» TASK DETAILS:
In the copy, include every entry exactly but none of its images.

» RECORD EXCERPTS:
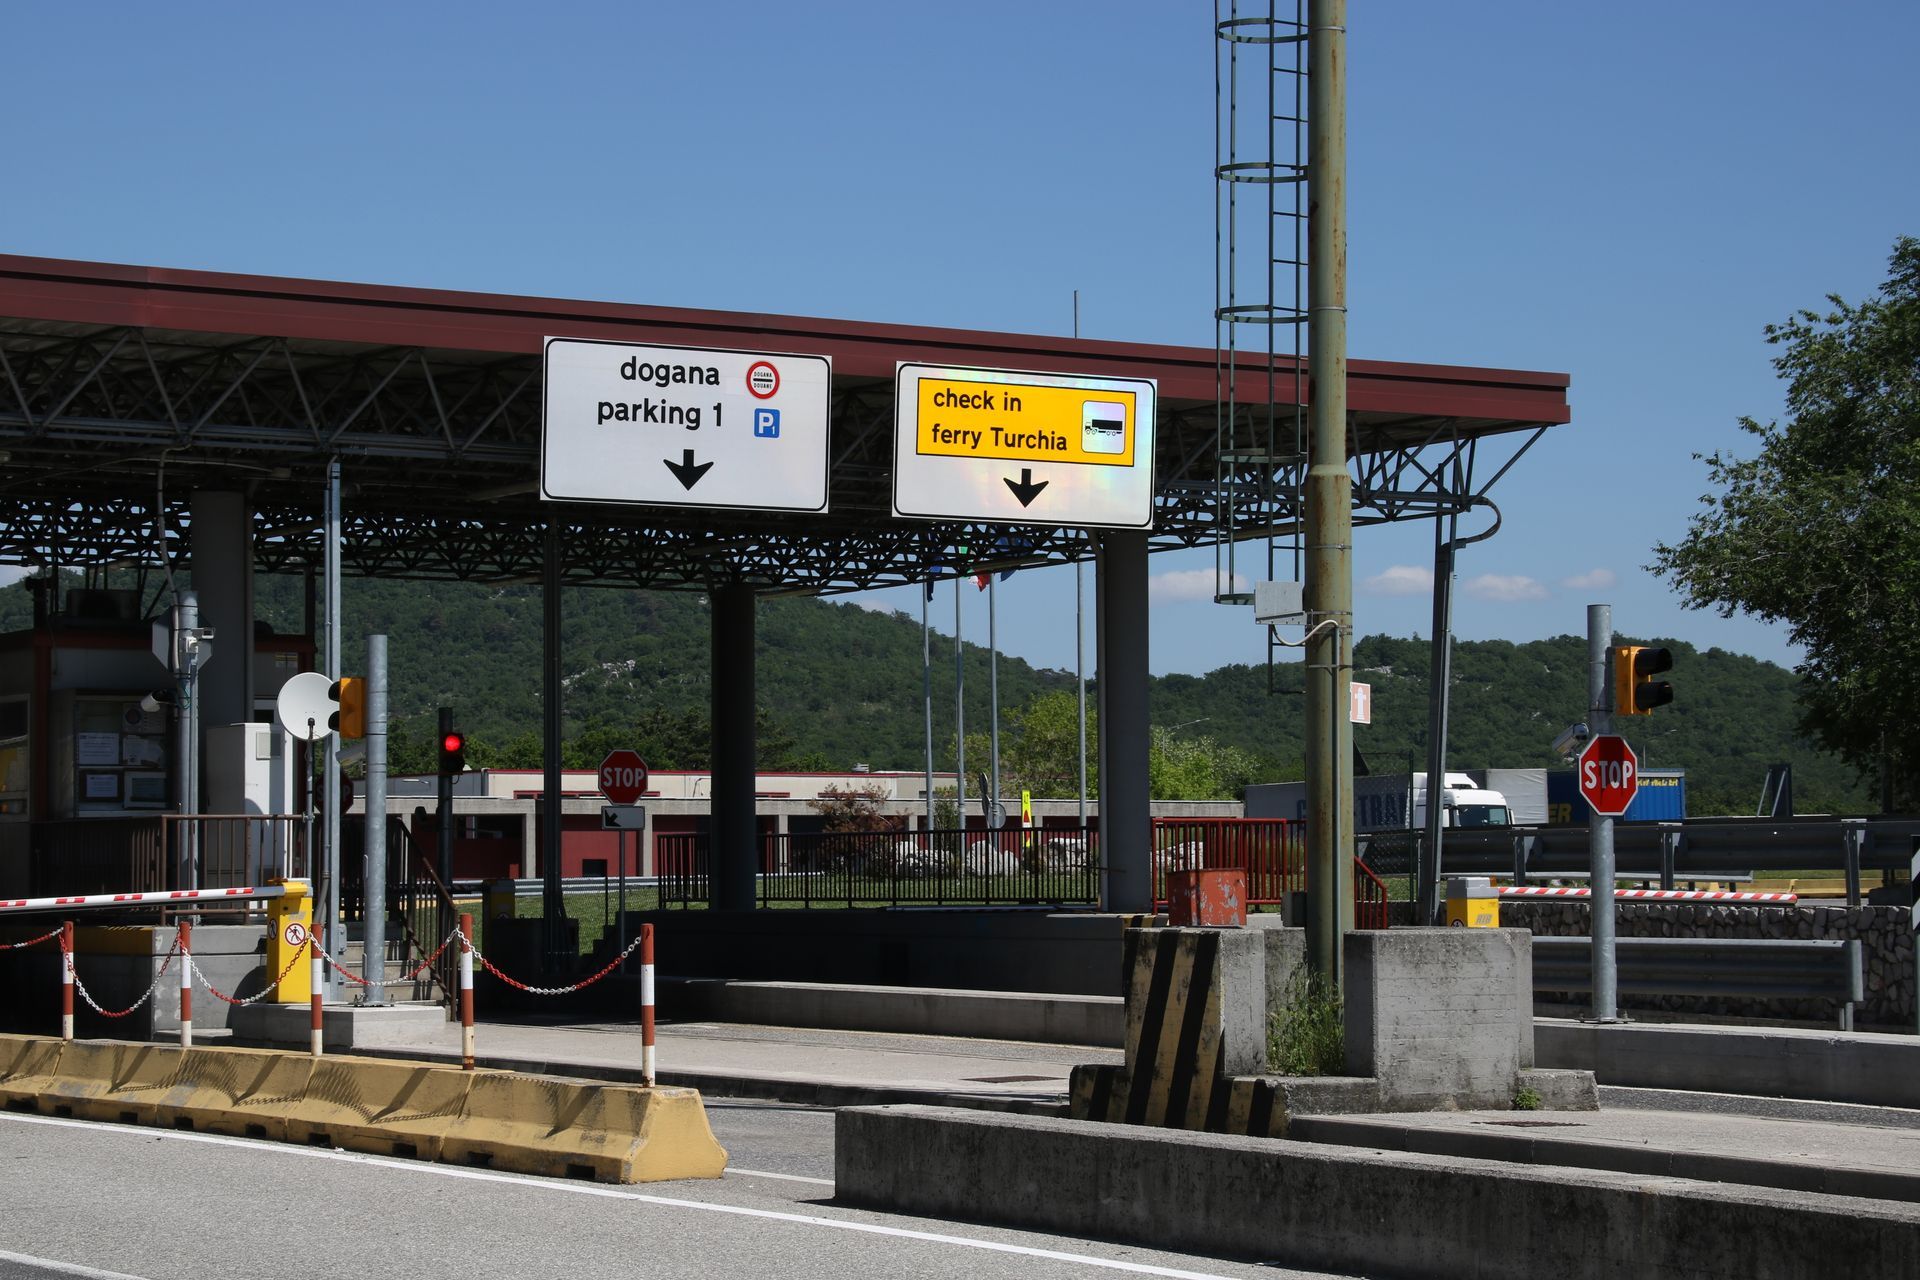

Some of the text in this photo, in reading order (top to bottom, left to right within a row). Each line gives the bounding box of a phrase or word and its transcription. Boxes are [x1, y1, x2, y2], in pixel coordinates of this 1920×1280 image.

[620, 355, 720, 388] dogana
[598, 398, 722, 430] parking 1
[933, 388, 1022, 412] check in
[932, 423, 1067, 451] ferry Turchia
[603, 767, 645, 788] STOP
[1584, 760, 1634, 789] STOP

» ANSWER TO THIS PROBLEM:
Some of the text in this photo, in reading order (top to bottom, left to right within a row). Each line gives the bounding box of a phrase or word and its transcription. Boxes are [x1, y1, x2, y2], in pixel coordinates of this 1920×1280 image.

[620, 355, 720, 388] dogana
[598, 398, 722, 430] parking 1
[933, 388, 1022, 412] check in
[932, 423, 1067, 451] ferry Turchia
[603, 767, 645, 788] STOP
[1584, 760, 1634, 789] STOP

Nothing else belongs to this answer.